◆ Your goal: Skipping any pictures, give all of the records below again exactly.

--- --- ---

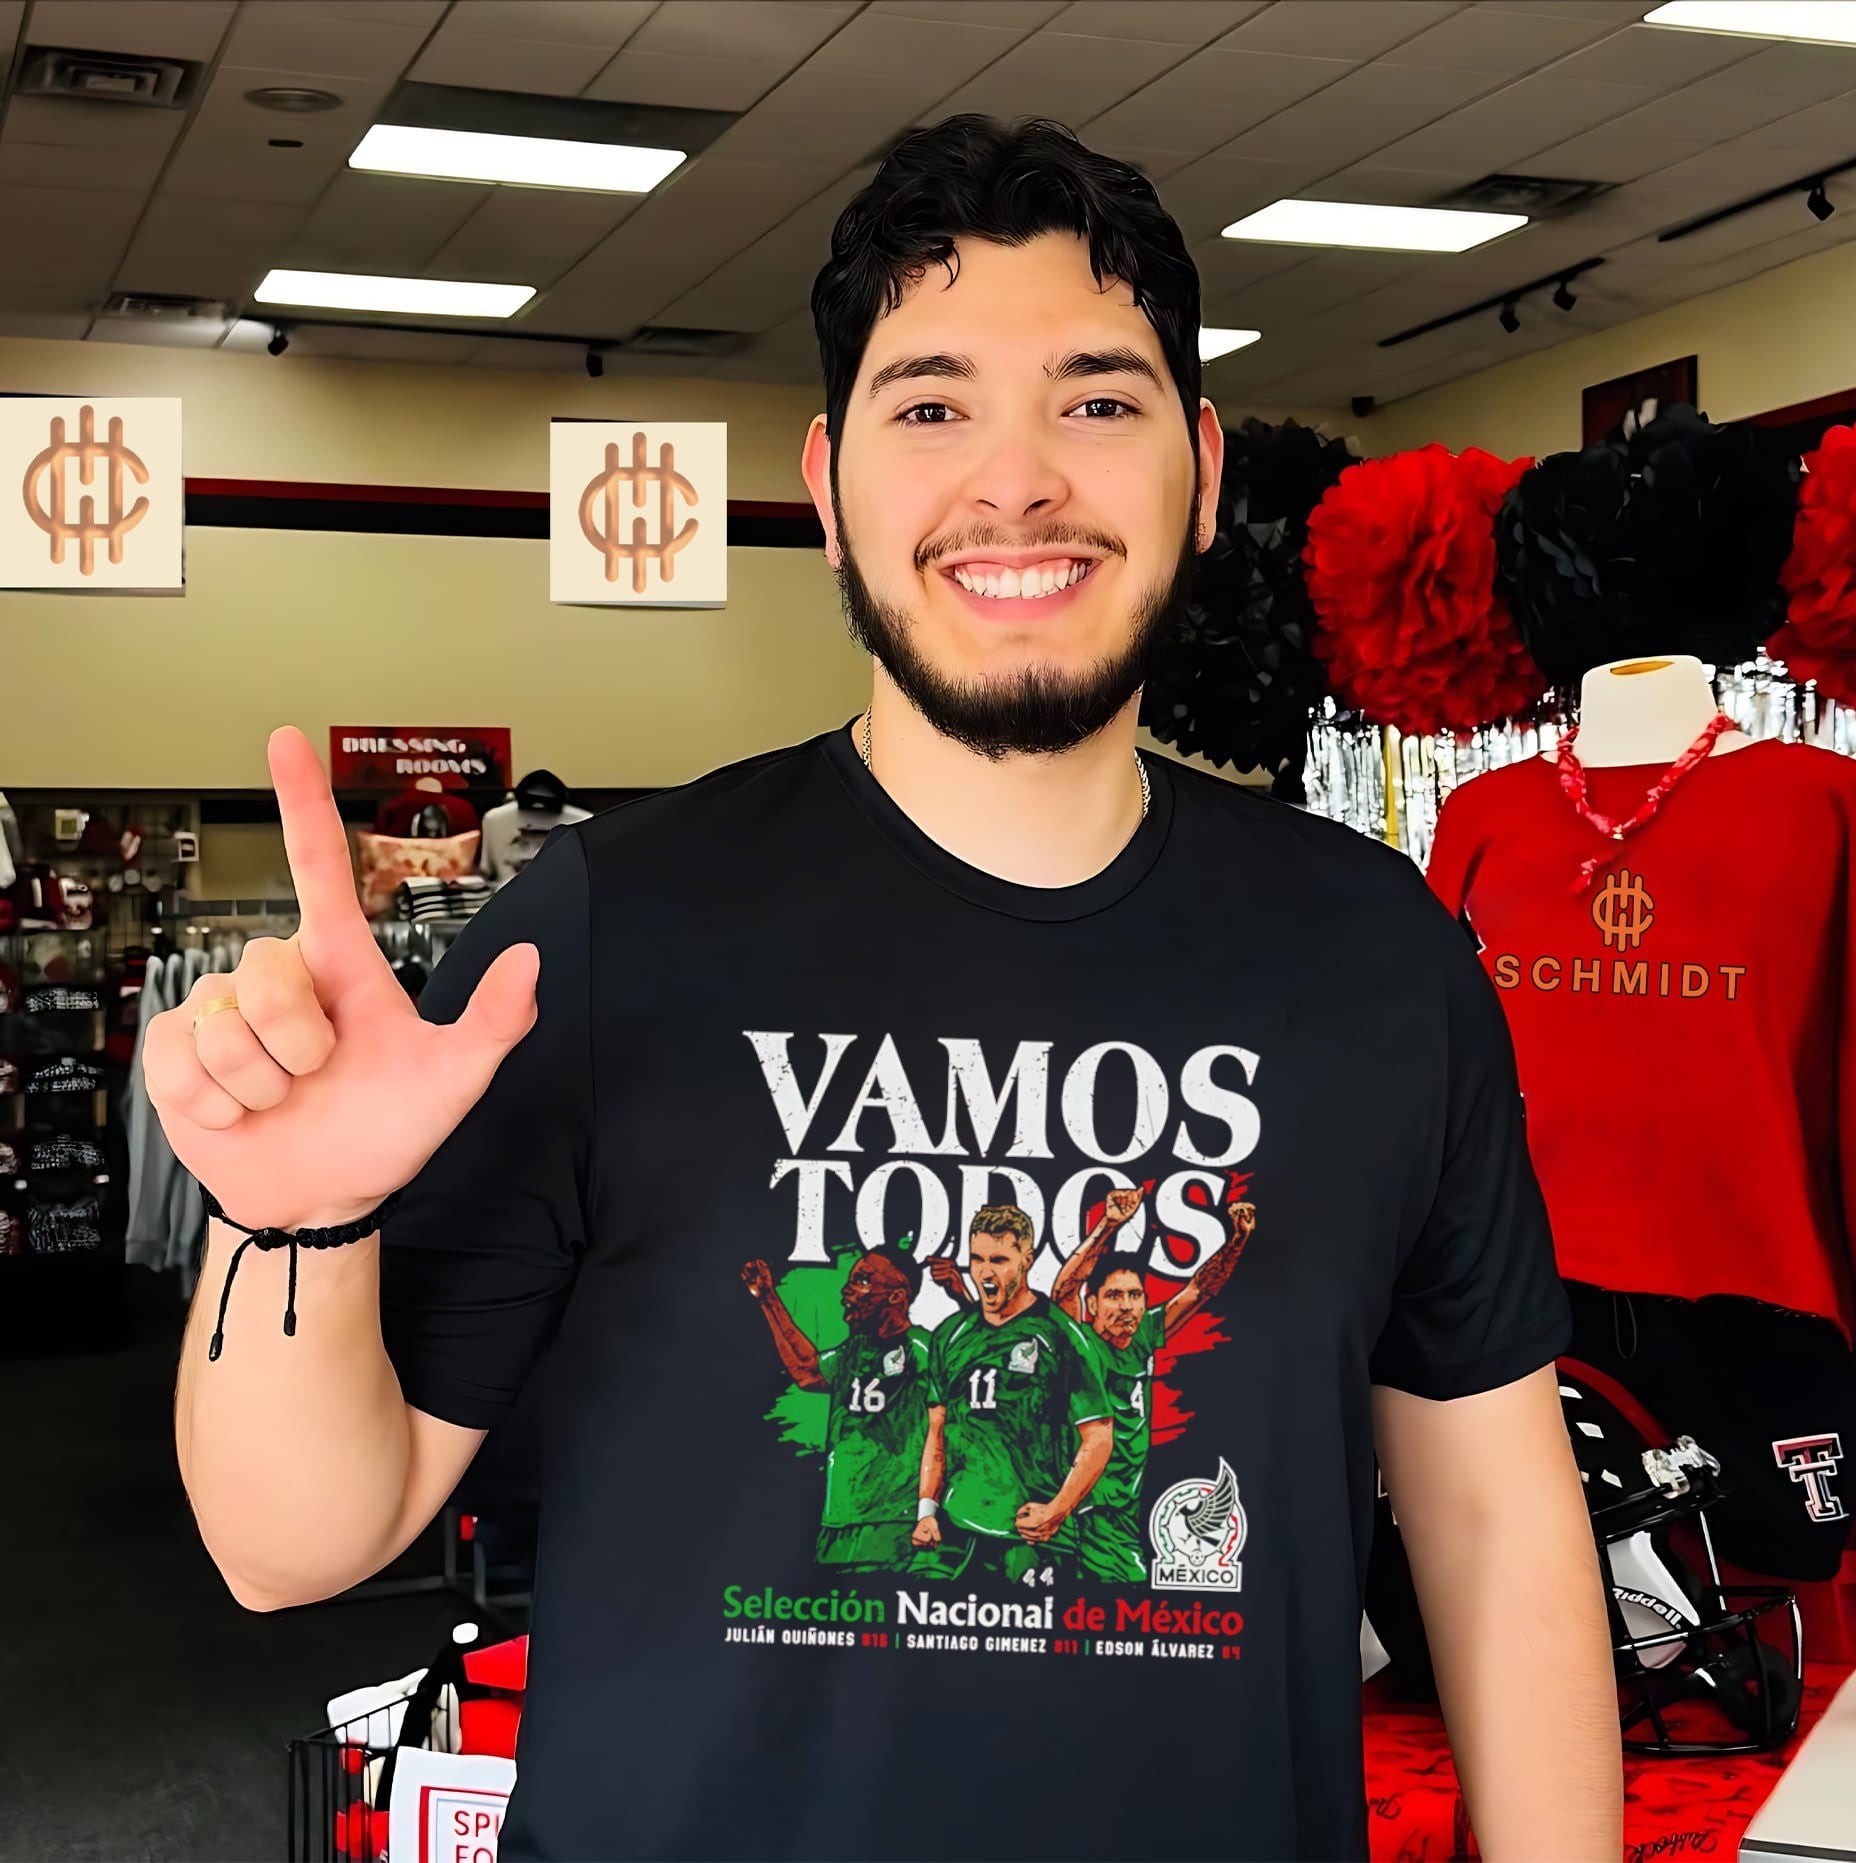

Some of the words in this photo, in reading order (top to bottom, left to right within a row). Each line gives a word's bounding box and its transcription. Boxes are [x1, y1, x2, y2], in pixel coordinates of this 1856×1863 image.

[342, 737, 467, 754] DRESSING
[396, 758, 487, 775] ROOMS
[1494, 954, 1747, 1000] SCHMIDT
[742, 1030, 1261, 1167] VAMOS
[849, 1377, 885, 1412] 16
[969, 1368, 997, 1409] 11
[1159, 1564, 1234, 1585] MÉXICO
[723, 1585, 885, 1623] Selección
[896, 1590, 1054, 1629] Nacional
[1063, 1597, 1106, 1631] de
[1115, 1597, 1244, 1636] México
[724, 1624, 776, 1644] JULIÁN
[782, 1626, 856, 1647] QUIÑONES
[906, 1633, 979, 1650] SANTIAGO
[985, 1636, 1047, 1654] GIMENEZ
[1095, 1639, 1144, 1657] EDSON
[1151, 1638, 1214, 1659] ÁLVAREZ
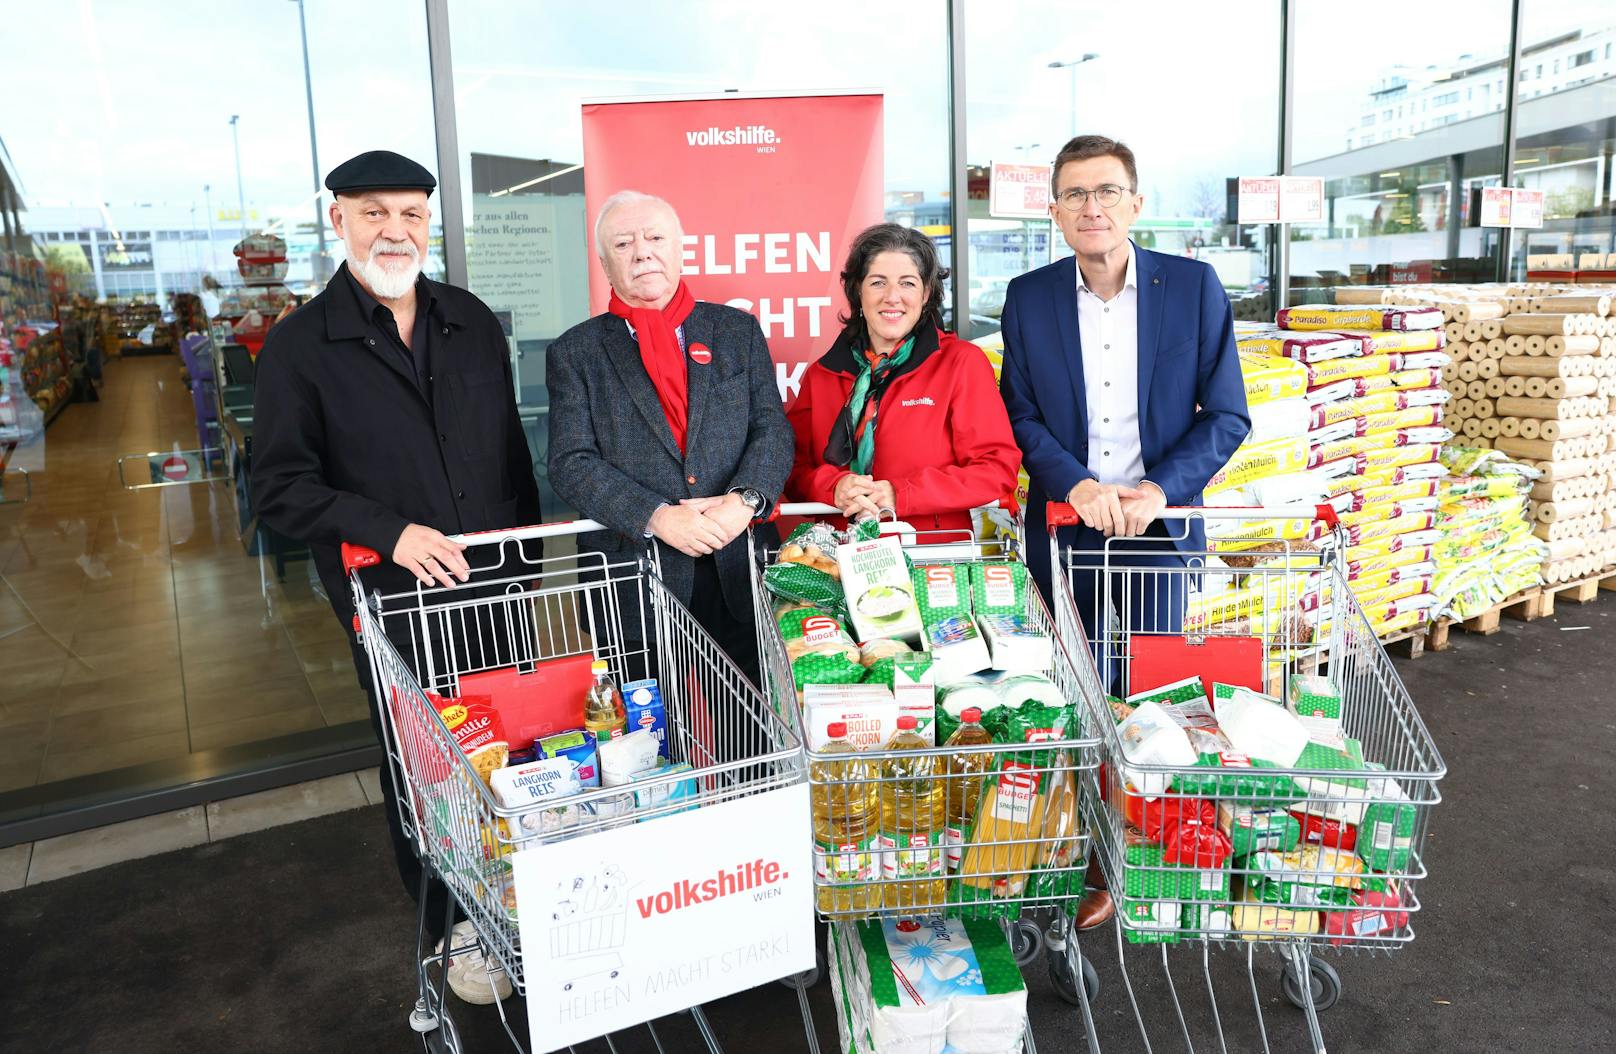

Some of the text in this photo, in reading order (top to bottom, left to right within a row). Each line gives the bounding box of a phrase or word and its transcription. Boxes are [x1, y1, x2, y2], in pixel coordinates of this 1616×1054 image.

[686, 126, 781, 146] volkshilfe.
[505, 210, 529, 221] allen
[503, 225, 552, 236] Regionen.
[681, 231, 831, 276] ELFEN
[1295, 315, 1327, 325] Paradiso
[853, 556, 897, 575] LANGKORN
[805, 630, 838, 642] BUDGET
[454, 716, 491, 740] milie
[848, 719, 881, 732] BOILED
[849, 732, 880, 745] GKORN
[512, 769, 562, 789] LANGKORN
[528, 782, 557, 798] REIS
[636, 858, 789, 918] volkshilfe.
[753, 886, 783, 903] WIEN
[558, 930, 791, 1025] HELFEN MACHT STARK!
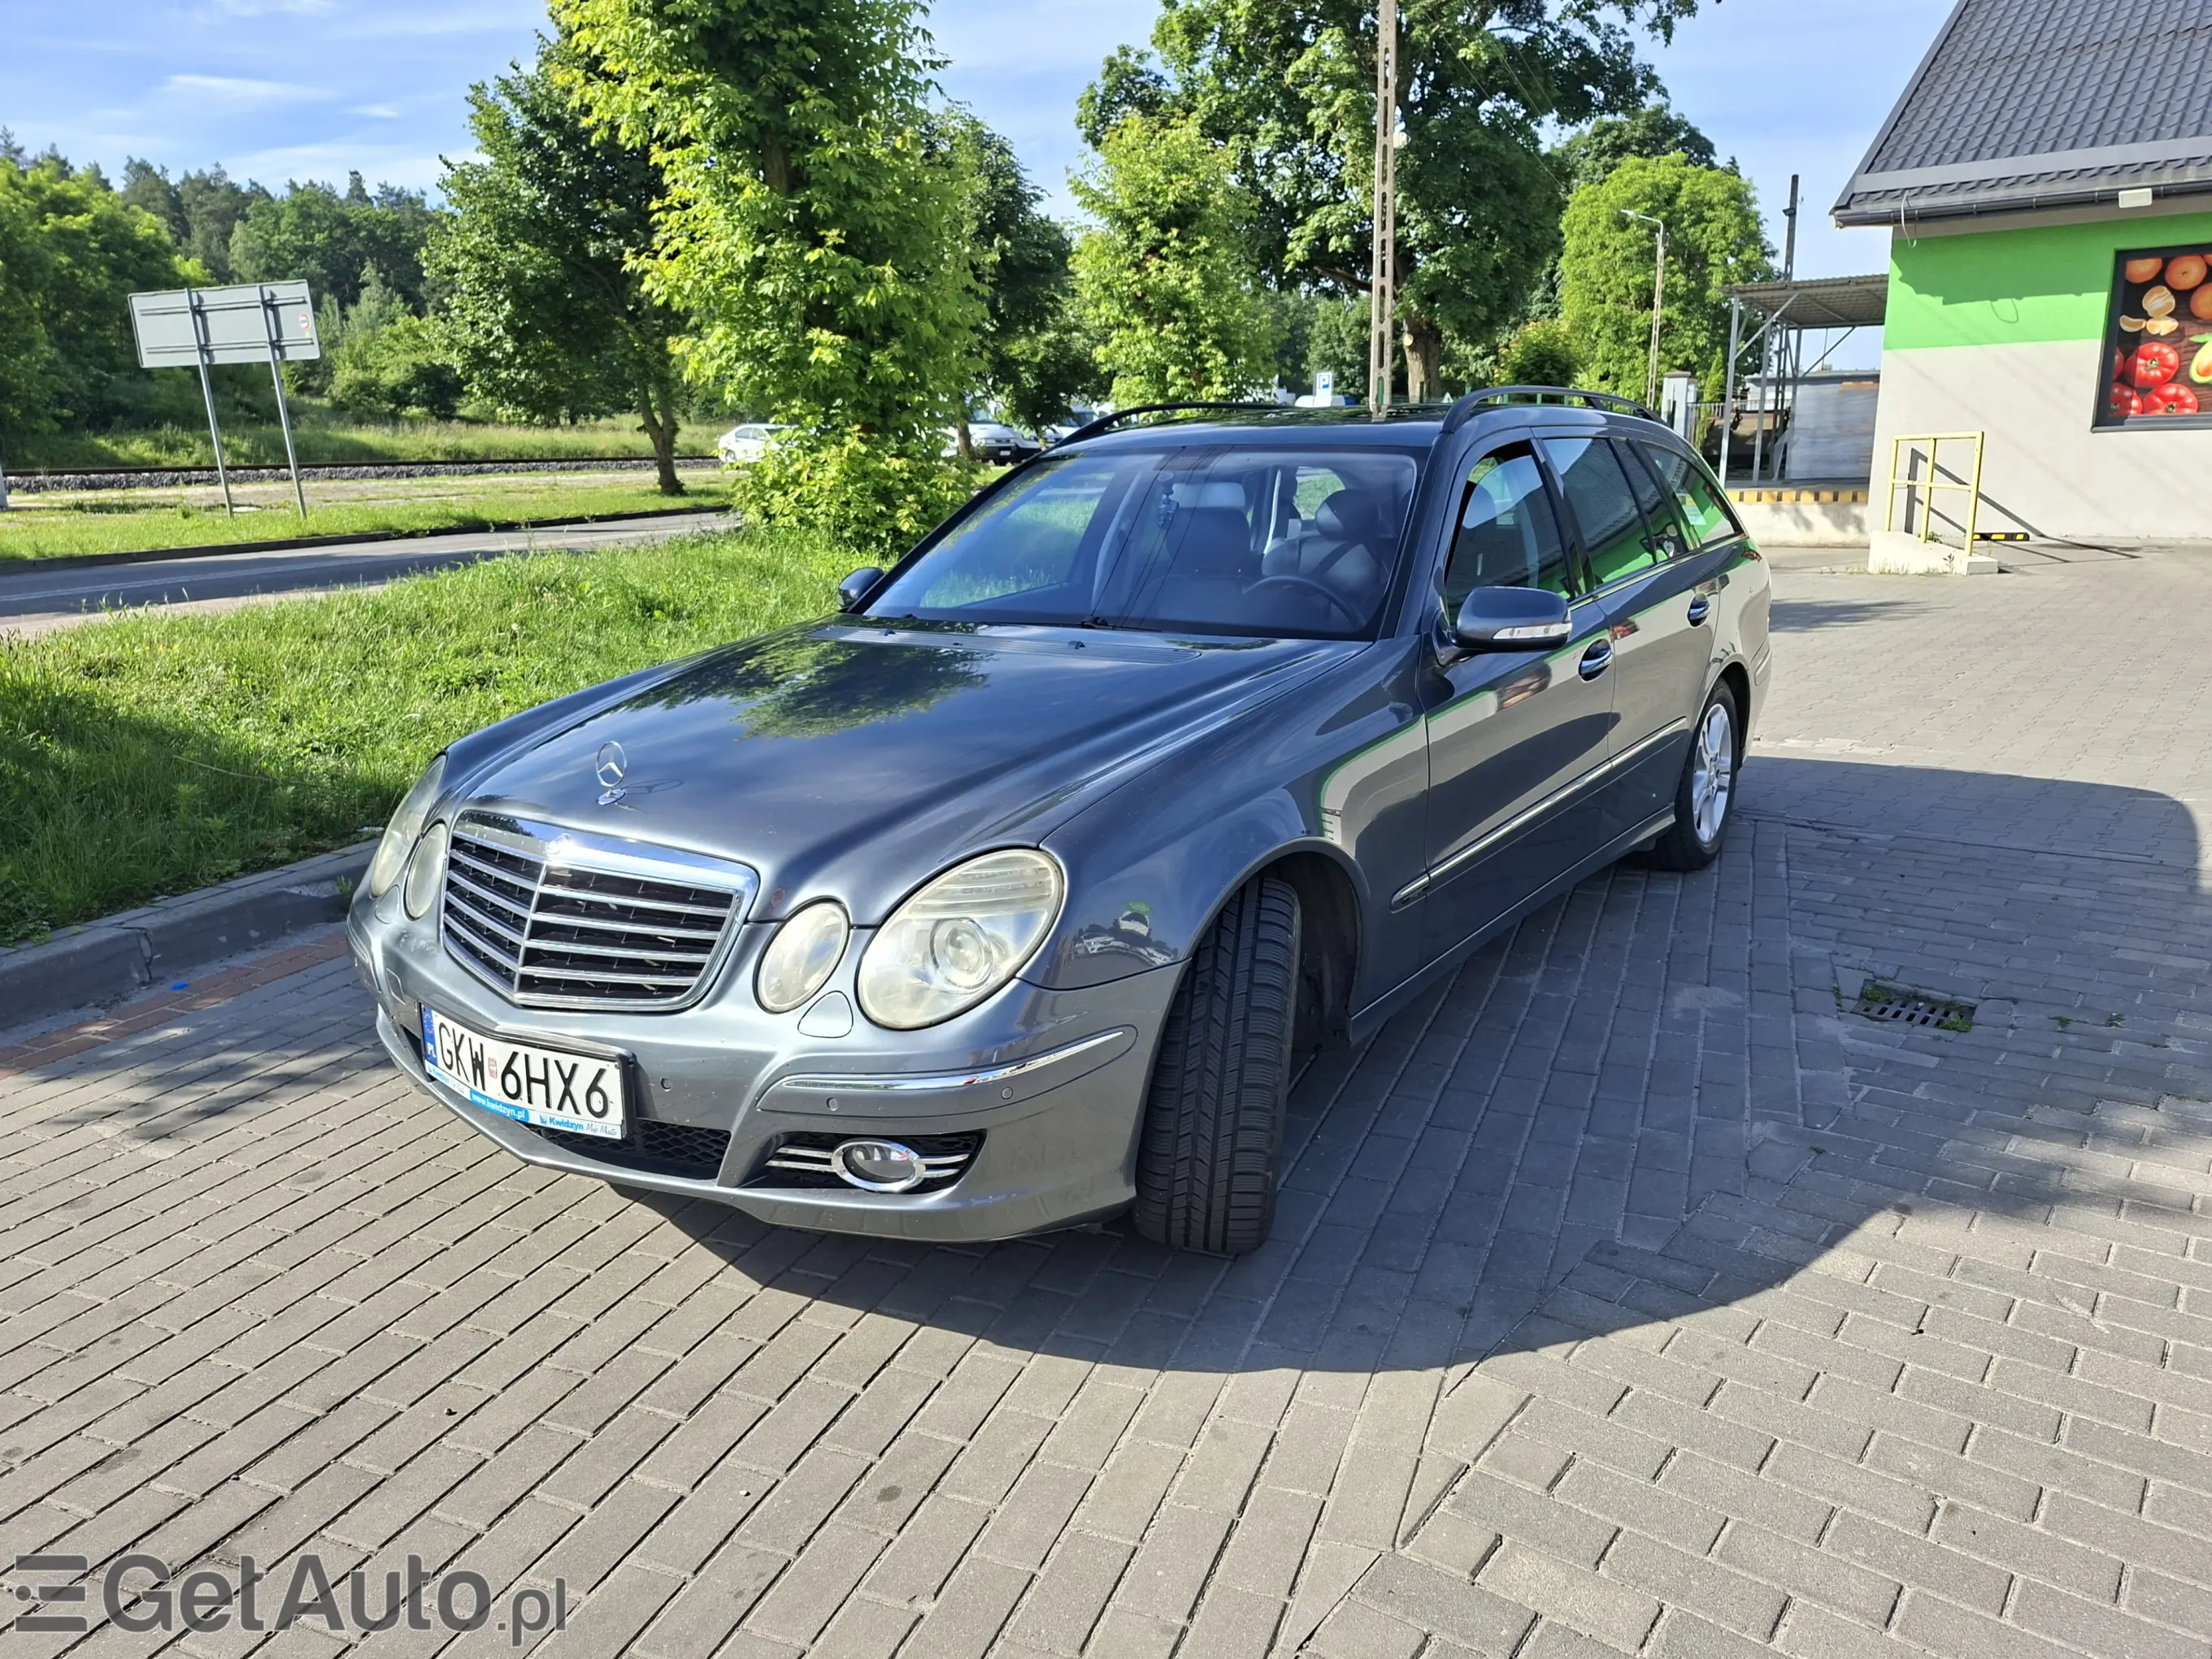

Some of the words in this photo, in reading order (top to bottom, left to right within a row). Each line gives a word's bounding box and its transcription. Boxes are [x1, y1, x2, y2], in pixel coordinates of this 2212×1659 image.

--- --- ---

◆ Written response:
Some of the words in this photo, in reading order (top to bottom, left to right within a row). Each line gives a word's bounding box and its transcription. Boxes are [x1, y1, x2, y2], in pixel coordinates of this 1856×1863 image.

[342, 737, 467, 754] DRESSING
[396, 758, 487, 775] ROOMS
[1494, 954, 1747, 1000] SCHMIDT
[742, 1030, 1261, 1167] VAMOS
[849, 1377, 885, 1412] 16
[969, 1368, 997, 1409] 11
[1159, 1564, 1234, 1585] MÉXICO
[723, 1585, 885, 1623] Selección
[896, 1590, 1054, 1629] Nacional
[1063, 1597, 1106, 1631] de
[1115, 1597, 1244, 1636] México
[724, 1624, 776, 1644] JULIÁN
[782, 1626, 856, 1647] QUIÑONES
[906, 1633, 979, 1650] SANTIAGO
[985, 1636, 1047, 1654] GIMENEZ
[1095, 1639, 1144, 1657] EDSON
[1151, 1638, 1214, 1659] ÁLVAREZ

Some of the text in this photo, in reading order (top to bottom, left to right within a row). Each line gives the bounding box of a phrase or word and its transcription. Boxes are [x1, y1, x2, y2], in pixel coordinates of this 1616×1054 image.

[686, 126, 781, 146] volkshilfe.
[505, 210, 529, 221] allen
[503, 225, 552, 236] Regionen.
[681, 231, 831, 276] ELFEN
[1295, 315, 1327, 325] Paradiso
[853, 556, 897, 575] LANGKORN
[805, 630, 838, 642] BUDGET
[454, 716, 491, 740] milie
[848, 719, 881, 732] BOILED
[849, 732, 880, 745] GKORN
[512, 769, 562, 789] LANGKORN
[528, 782, 557, 798] REIS
[636, 858, 789, 918] volkshilfe.
[753, 886, 783, 903] WIEN
[558, 930, 791, 1025] HELFEN MACHT STARK!

Some of the words in this photo, in reading order (top to bottom, left to right within a row). Each line gives a word's bounding box and its transcription. Boxes are [x1, y1, x2, y2], in pixel coordinates of this 2212×1659 image.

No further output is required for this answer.